A second letter from Mills, however, stated a DPS witness should have given a “more appropriate answer” regarding blood flecks found on Trotter’s fingernails after they were submitted to the agency. The lab analyst at trial said the blood, which Blackburn said amounted to a the size of a pinpoint, possibly came from contamination in the lab — not the crime scene.

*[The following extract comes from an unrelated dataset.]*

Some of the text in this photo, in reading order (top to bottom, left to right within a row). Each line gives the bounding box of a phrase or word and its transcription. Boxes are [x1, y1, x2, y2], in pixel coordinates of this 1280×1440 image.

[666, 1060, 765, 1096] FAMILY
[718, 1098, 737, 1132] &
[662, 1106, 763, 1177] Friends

She said this was because the brighter color and composition of the blood indicated it was from after her death.

Mills said the analyst didn’t have enough information of the collection and storage process to make that opinion, and that the blood could have come from contamination or the actual evidence.

Rytting says the blood points to another man as Trotter’s murderer, adding that witnesses came later came forward to say she had been afraid of someone else who was threatening to kill her.

The courts have all rejected the most recent appeals, with a federal appellate court on Friday nodding to an earlier ruling from the Texas Court of Criminal Appeals regarding the blood flecks.

“We are not persuaded that results showing the presence of another DNA donor in the fingernail scrapings would overcome the ‘mountain of evidence’ of the [Swearingen’s] guilt…” wrote the Texas court in 2014. “There are many ways someone else’s DNA could have ended up in the victim’s fingernails.”

Swearingen also filed a last-minute appeal in federal court arguing against Texas’ lethal injection methods, asking for testing of drugs whose expiration dates have been extended after retesting or an alternative execution method of a firing squad. That appeal was denied by the district court Tuesday.

Rytting said Tuesday he planned to file a last-minute appeal with the U.S. Supreme Court regarding the DPS letters. Abbott could also issue a 30-day temporary stay on his own, though he has never done so. 11 other men are scheduled for execution in Texas through December.